Previously known for fresh, pleasant, left-tilting politics, Wisconsin has become an epicenter of partisanship– an final swing state that may tip the nationwide.
Trump won a tight election to sulk out careless Democrats. In 2020, Biden resurrected Wisconsin by a razor-thin ratio.
A turning point had come in 2010 when Scott Walker, a fresh Republican who some presumed would regard Wisconsin’s mild-mannered social fashion, was elected government and unleashed sweeping changes.

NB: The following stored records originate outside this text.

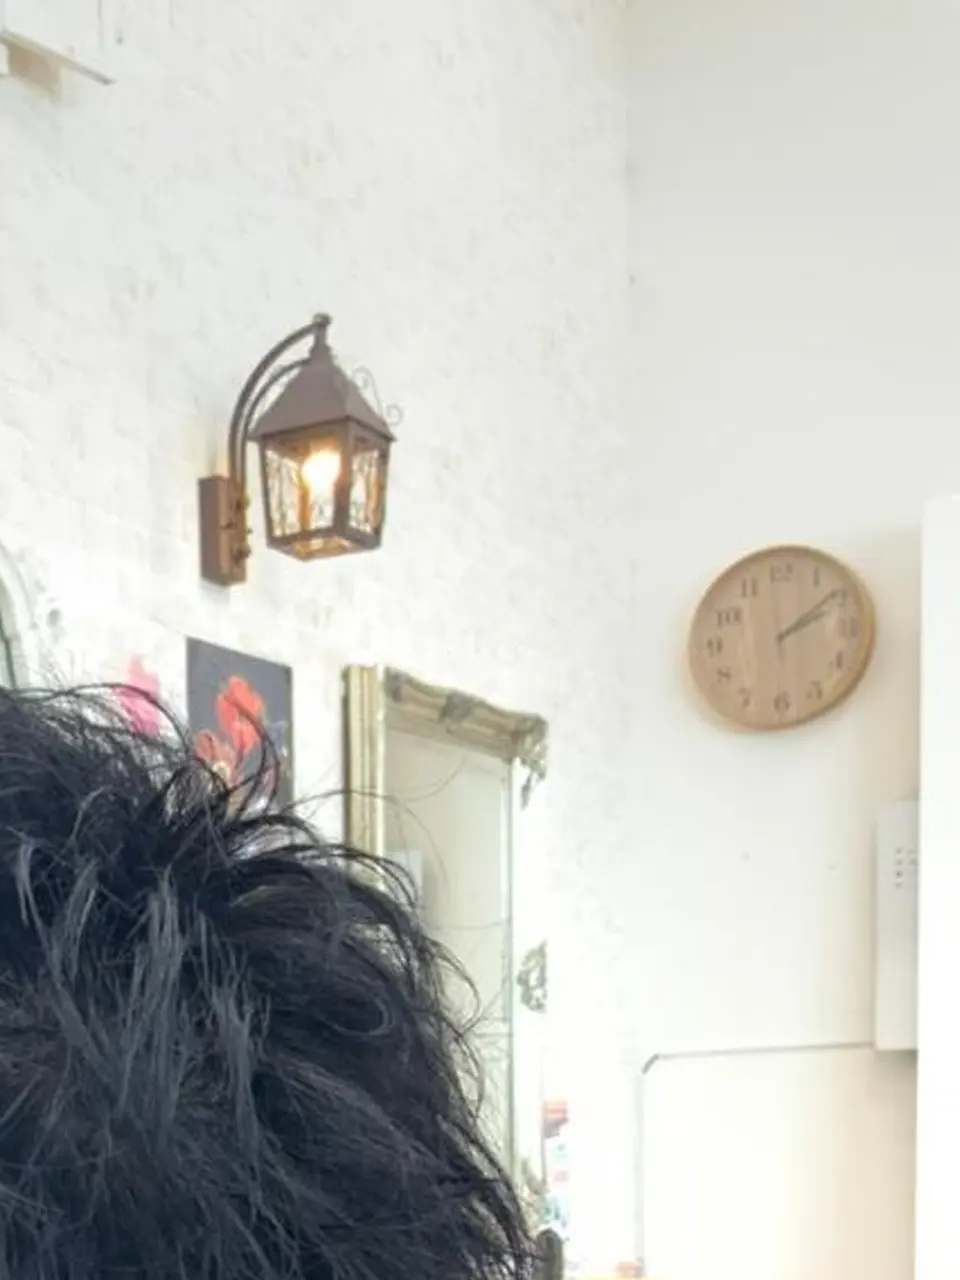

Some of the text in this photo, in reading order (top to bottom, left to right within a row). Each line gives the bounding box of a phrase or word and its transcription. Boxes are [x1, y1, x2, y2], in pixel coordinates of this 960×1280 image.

[770, 563, 793, 583] 12
[742, 576, 758, 597] 11
[716, 608, 741, 628] 10
[706, 635, 722, 657] 9
[773, 690, 792, 715] 6
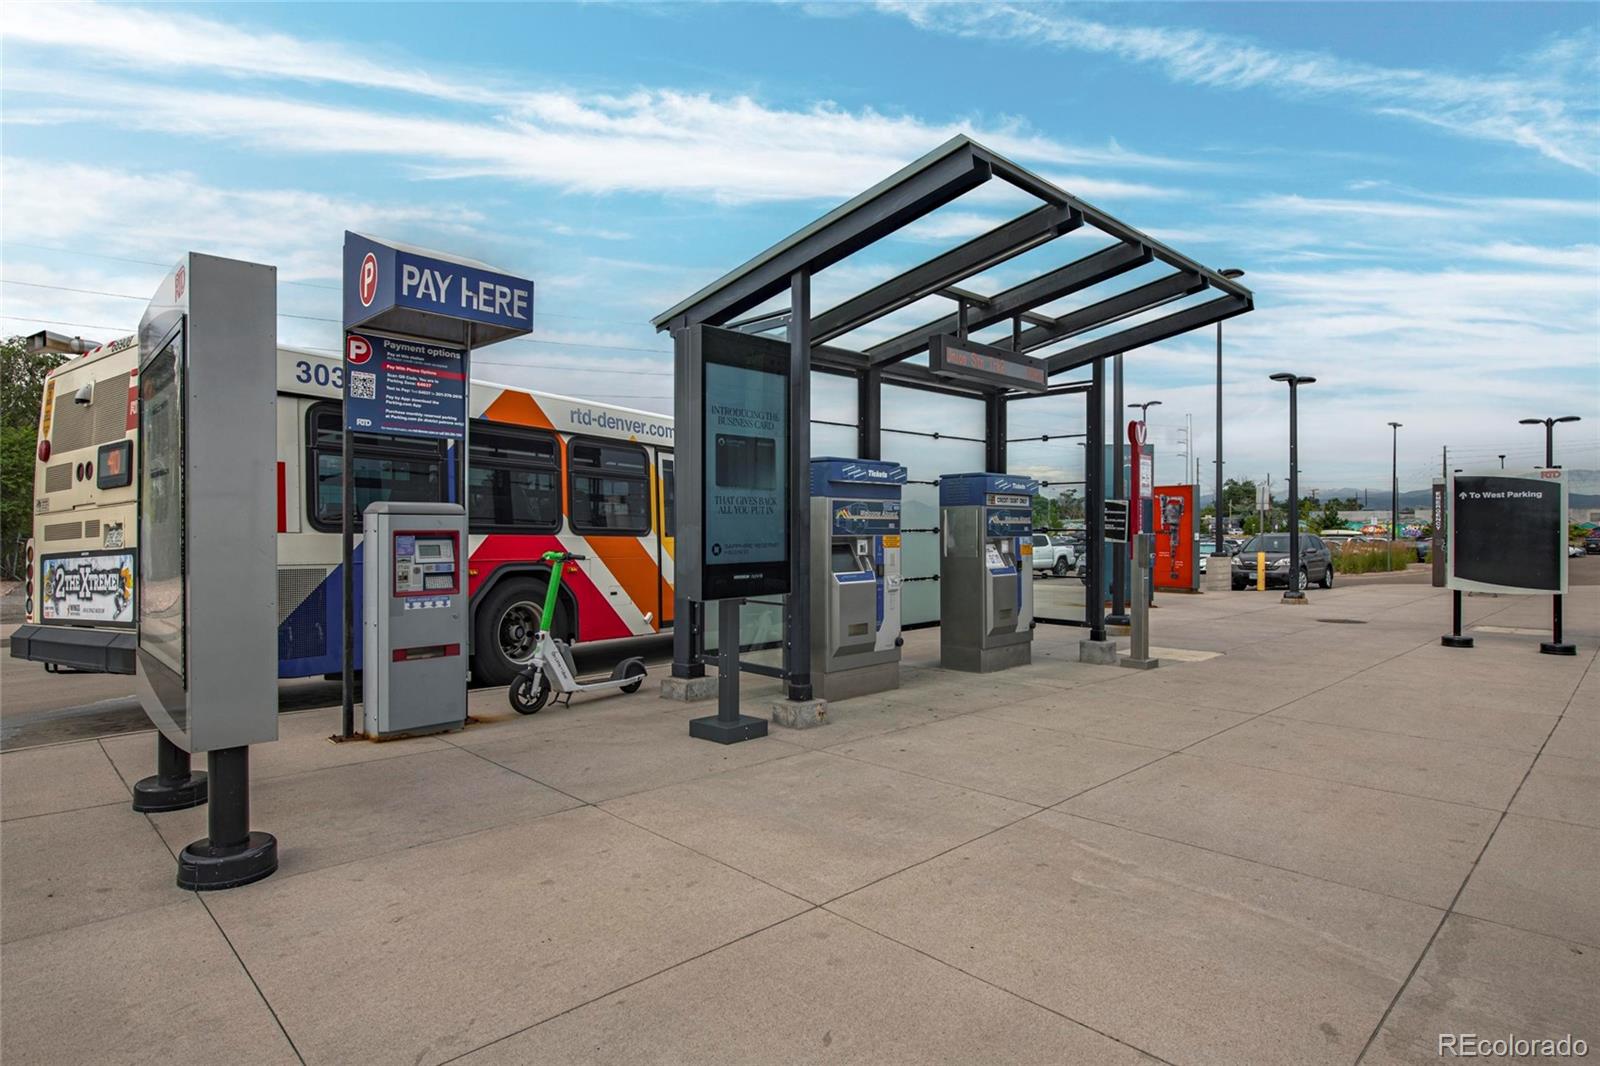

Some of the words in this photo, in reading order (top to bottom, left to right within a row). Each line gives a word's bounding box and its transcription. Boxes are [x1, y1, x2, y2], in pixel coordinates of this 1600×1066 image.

[364, 262, 373, 298] P
[402, 263, 453, 304] PAY
[350, 340, 367, 360] P
[384, 340, 425, 354] Payment
[427, 348, 460, 360] options
[356, 418, 372, 426] RTD
[712, 405, 764, 420] INTRODUCING
[766, 411, 780, 422] THE
[570, 408, 674, 438] rtd-denver.com
[718, 416, 753, 428] BUSINESS
[754, 420, 774, 430] CARD
[1136, 424, 1146, 445] V
[868, 470, 888, 478] Tickets
[714, 496, 735, 505] THAT
[736, 496, 758, 506] GIVES
[759, 497, 777, 506] BACK
[1469, 491, 1480, 499] To
[1482, 491, 1505, 499] West
[1507, 491, 1543, 499] Parking
[719, 506, 733, 514] ALL
[734, 506, 748, 514] YOU
[751, 506, 764, 514] PUT
[766, 506, 774, 514] IN
[56, 568, 65, 598] 2
[65, 575, 80, 591] THE

He stripped power from Wisconsin’s once-formidable labor unions, and his Republicans drastically redrew election maps, virtually guaranteeing party control of the state legislature.
Democrats hope that in the November 5 election, which will be contested by the new liberal majority of the state Supreme Court, Republicans will receive their victory.
Kristin Alfheim, a Democrat who is seeking a state Senate seat, said competitive maps benefit democracy.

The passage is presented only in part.